Assignment: What you produce should be an exact transcription of the data, minus any pictures.
═════ Given data
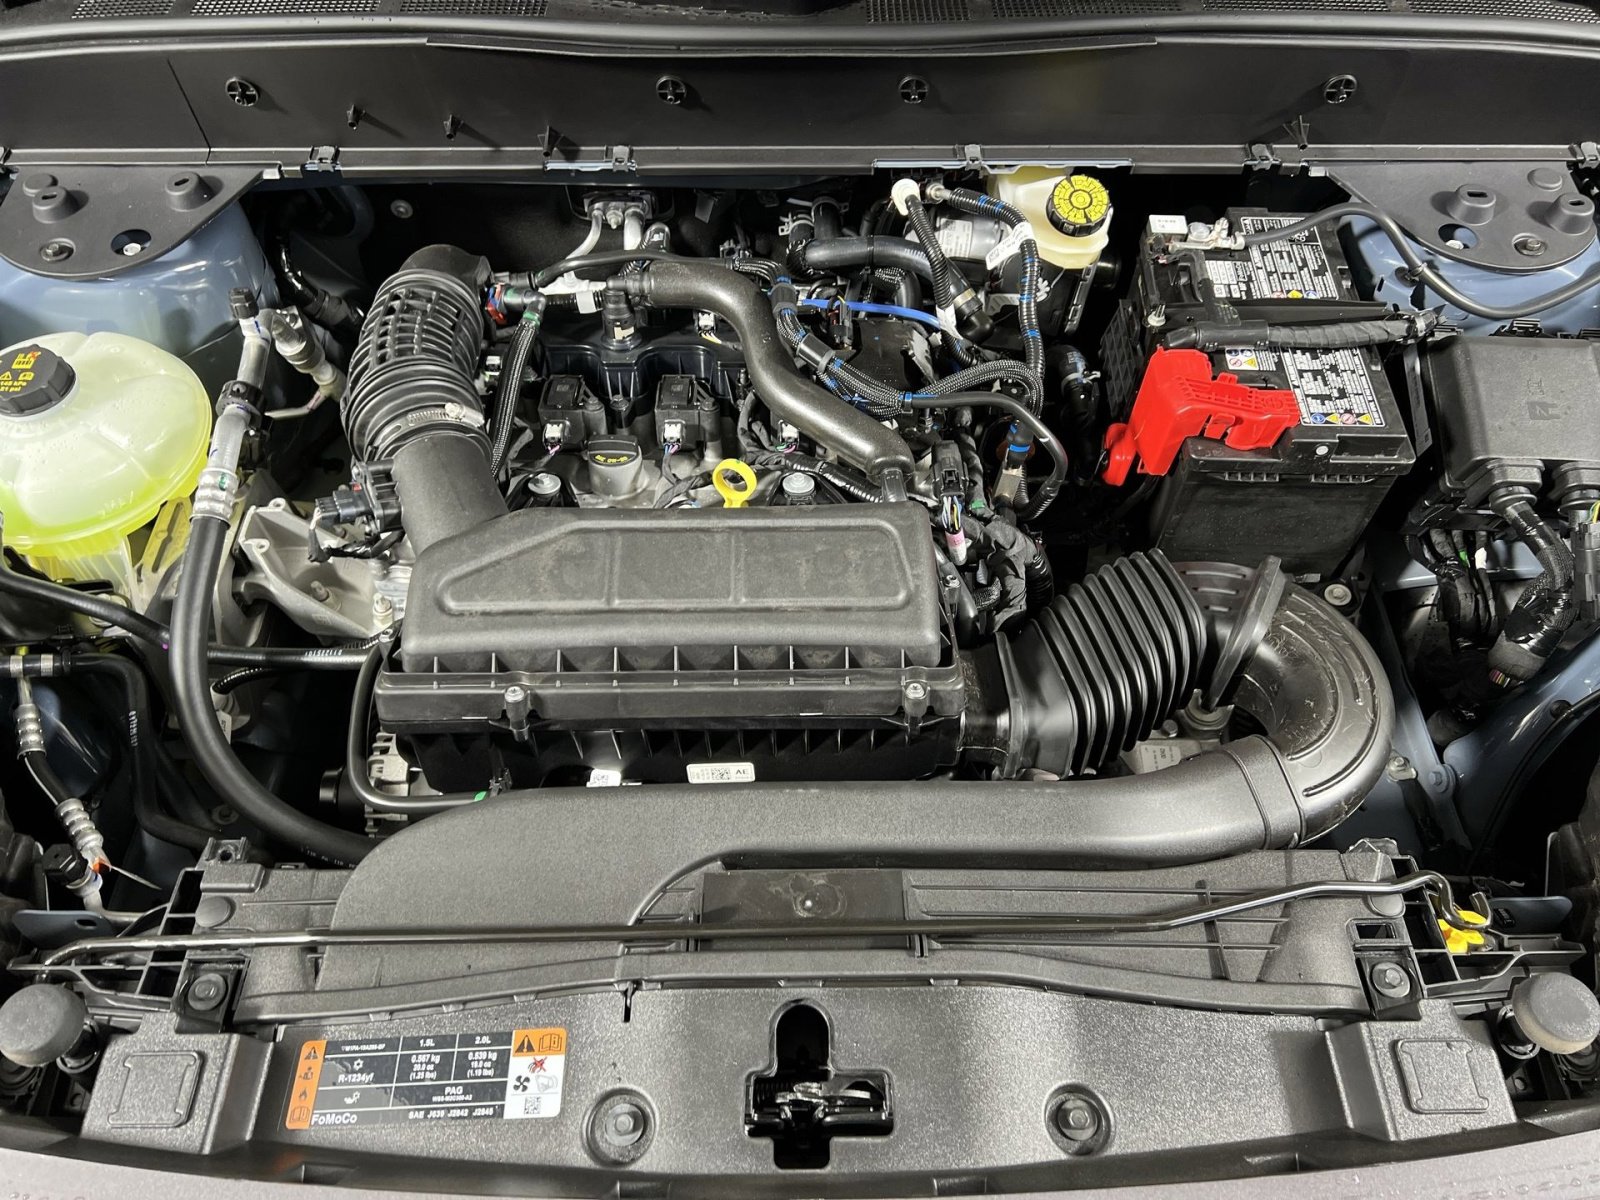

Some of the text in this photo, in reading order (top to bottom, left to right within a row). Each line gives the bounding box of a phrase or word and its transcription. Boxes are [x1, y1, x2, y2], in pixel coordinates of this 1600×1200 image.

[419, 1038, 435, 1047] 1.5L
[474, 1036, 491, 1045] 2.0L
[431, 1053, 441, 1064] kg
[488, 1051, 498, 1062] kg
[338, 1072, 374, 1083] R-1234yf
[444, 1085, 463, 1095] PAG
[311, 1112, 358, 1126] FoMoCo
══════════
Written reply:
Some of the text in this photo, in reading order (top to bottom, left to right within a row). Each line gives the bounding box of a phrase or word and its transcription. Boxes are [x1, y1, x2, y2], in pixel coordinates of this 1600×1200 image.

[419, 1038, 435, 1047] 1.5L
[474, 1036, 491, 1045] 2.0L
[431, 1053, 441, 1064] kg
[488, 1051, 498, 1062] kg
[338, 1072, 374, 1083] R-1234yf
[444, 1085, 463, 1095] PAG
[311, 1112, 358, 1126] FoMoCo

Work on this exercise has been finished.